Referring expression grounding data
● ● ● ● ● ● ●

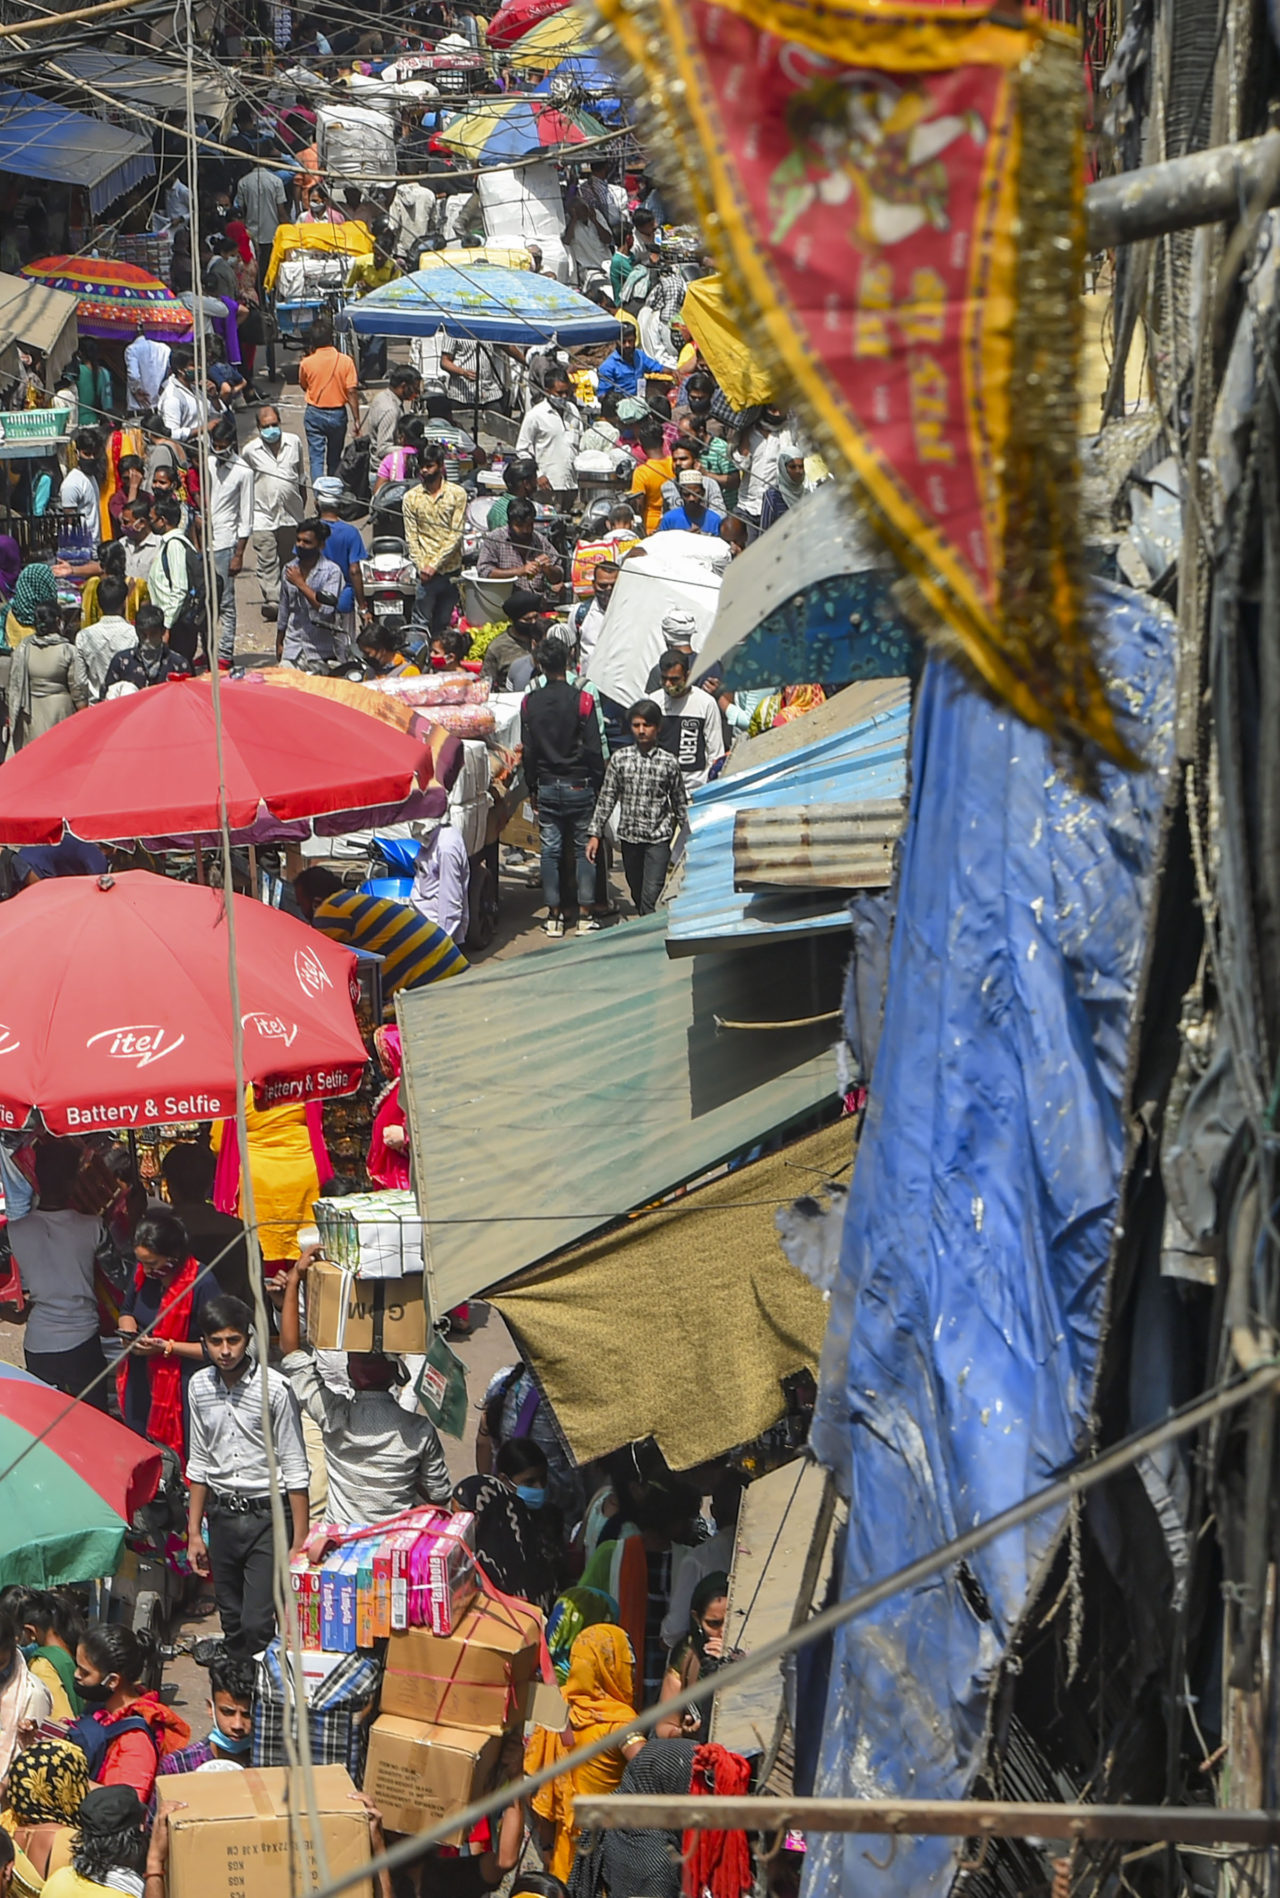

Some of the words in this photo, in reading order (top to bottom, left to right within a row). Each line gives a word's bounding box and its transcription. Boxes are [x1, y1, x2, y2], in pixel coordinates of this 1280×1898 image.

[317, 1069, 349, 1090] Selfie
[67, 1101, 139, 1126] Battery
[144, 1099, 160, 1117] &
[164, 1094, 221, 1116] Selfie
[226, 1845, 239, 1856] CM
[228, 1861, 244, 1871] KGS
[228, 1876, 245, 1887] KGS

● ● ● ● ● ● ●

→ **What to work on**
Please transcribe all of the entries word for word, with the pictures left out.

→ **Answer box**
Some of the words in this photo, in reading order (top to bottom, left to right within a row). Each line gives a word's bounding box and its transcription. Boxes are [x1, y1, x2, y2], in pixel coordinates of this 1280×1898 image.

[317, 1069, 349, 1090] Selfie
[67, 1101, 139, 1126] Battery
[144, 1099, 160, 1117] &
[164, 1094, 221, 1116] Selfie
[226, 1845, 239, 1856] CM
[228, 1861, 244, 1871] KGS
[228, 1876, 245, 1887] KGS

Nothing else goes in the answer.